Saved data entries
-- Opening Marker --

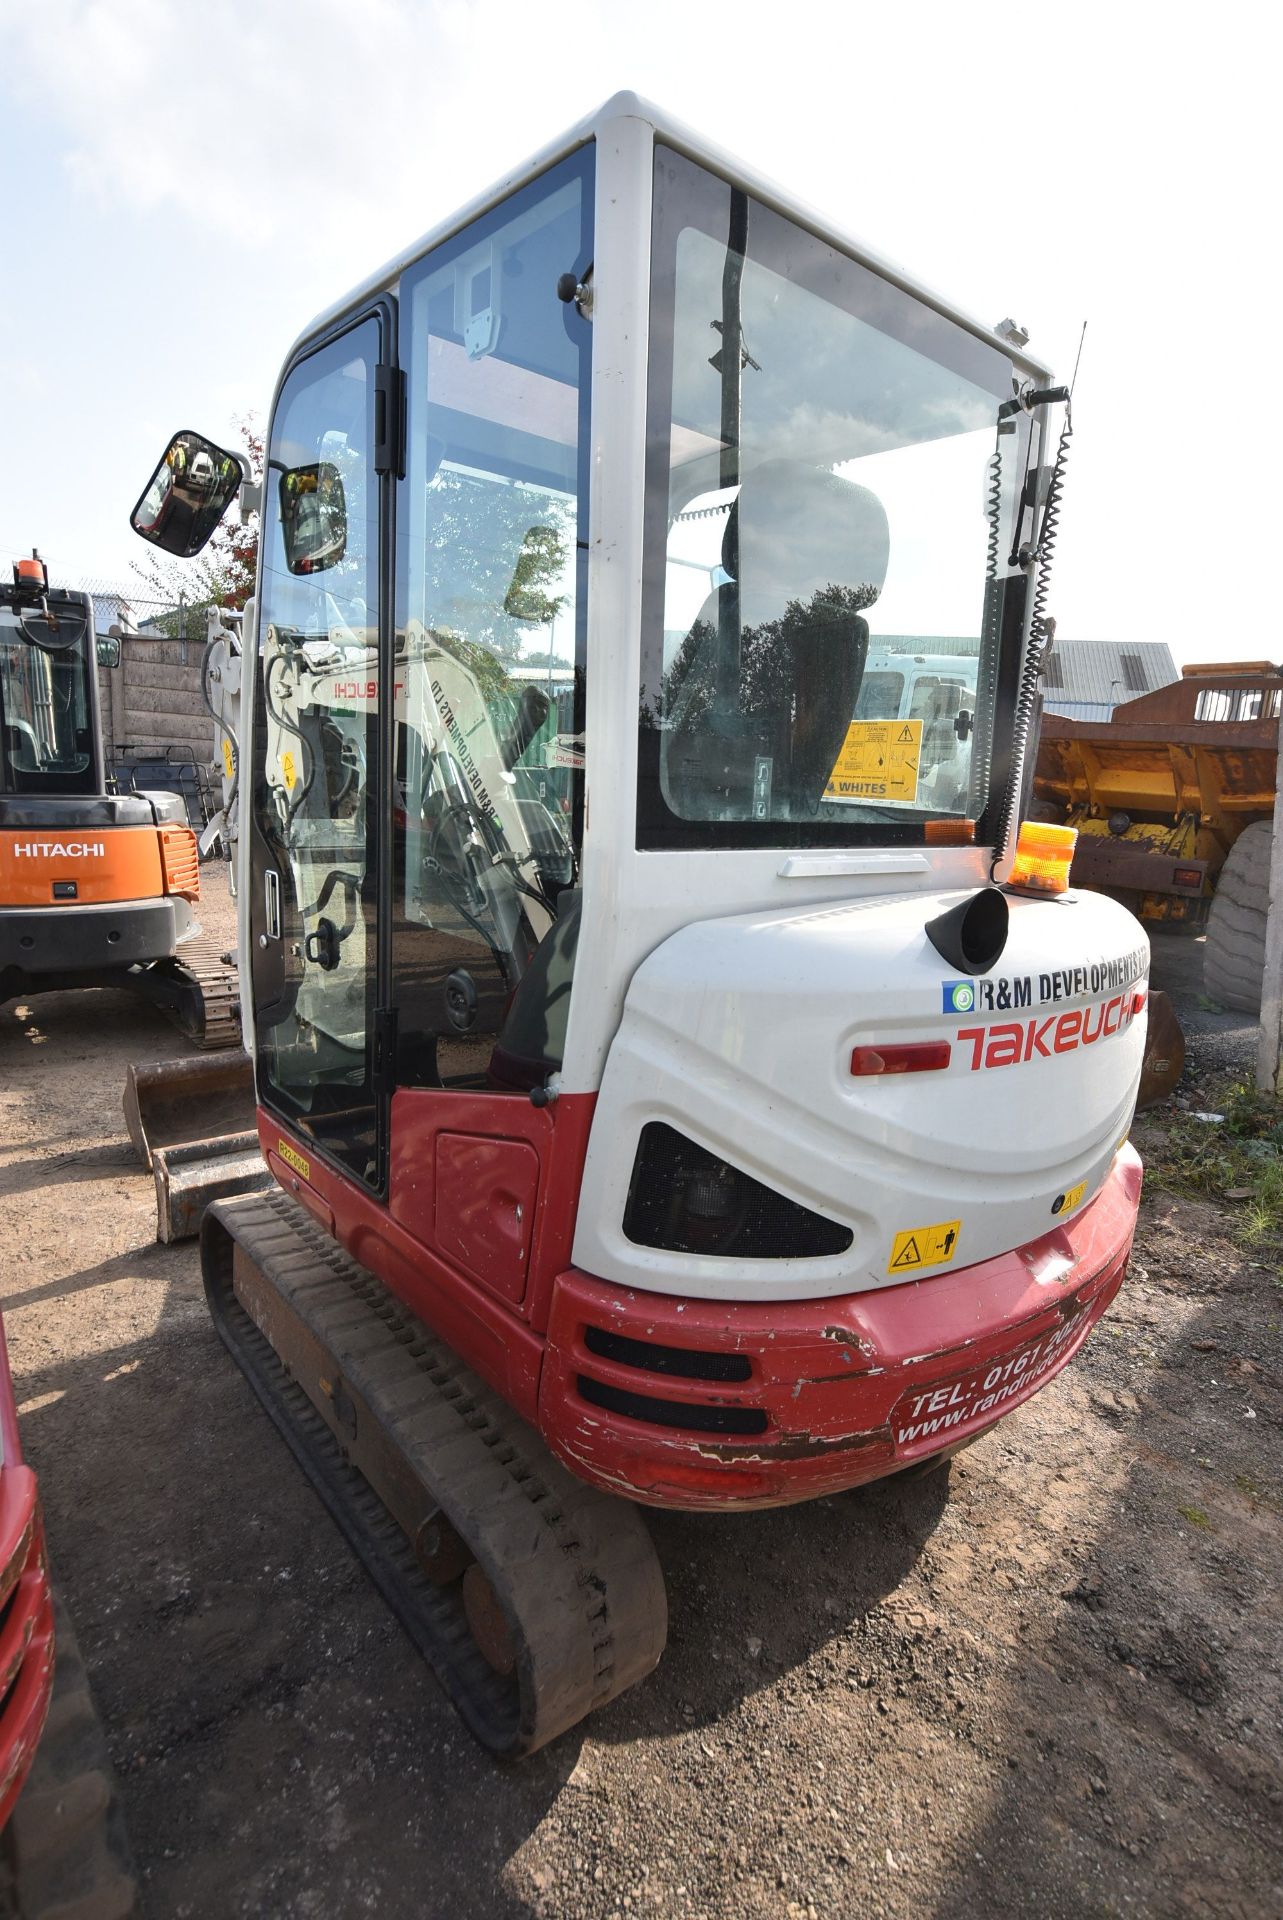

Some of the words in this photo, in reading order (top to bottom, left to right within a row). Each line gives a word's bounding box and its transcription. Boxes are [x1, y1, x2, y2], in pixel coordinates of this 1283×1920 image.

[14, 843, 105, 857] HITACHI
[979, 976, 1032, 1011] R&M
[1039, 952, 1138, 1005] DEVELOPMENTS
[912, 1381, 977, 1418] TEL:
[983, 1343, 1042, 1391] 0161

-- Closing Marker --

Exercise prompt:
All entries should be restated word for word; no images belong in the copy.

Solution below:
Some of the words in this photo, in reading order (top to bottom, left to right within a row). Each line gives a word's bounding box and its transcription. Boxes are [x1, y1, x2, y2], in pixel coordinates of this 1283×1920 image.

[14, 843, 105, 857] HITACHI
[979, 976, 1032, 1011] R&M
[1039, 952, 1138, 1005] DEVELOPMENTS
[912, 1381, 977, 1418] TEL:
[983, 1343, 1042, 1391] 0161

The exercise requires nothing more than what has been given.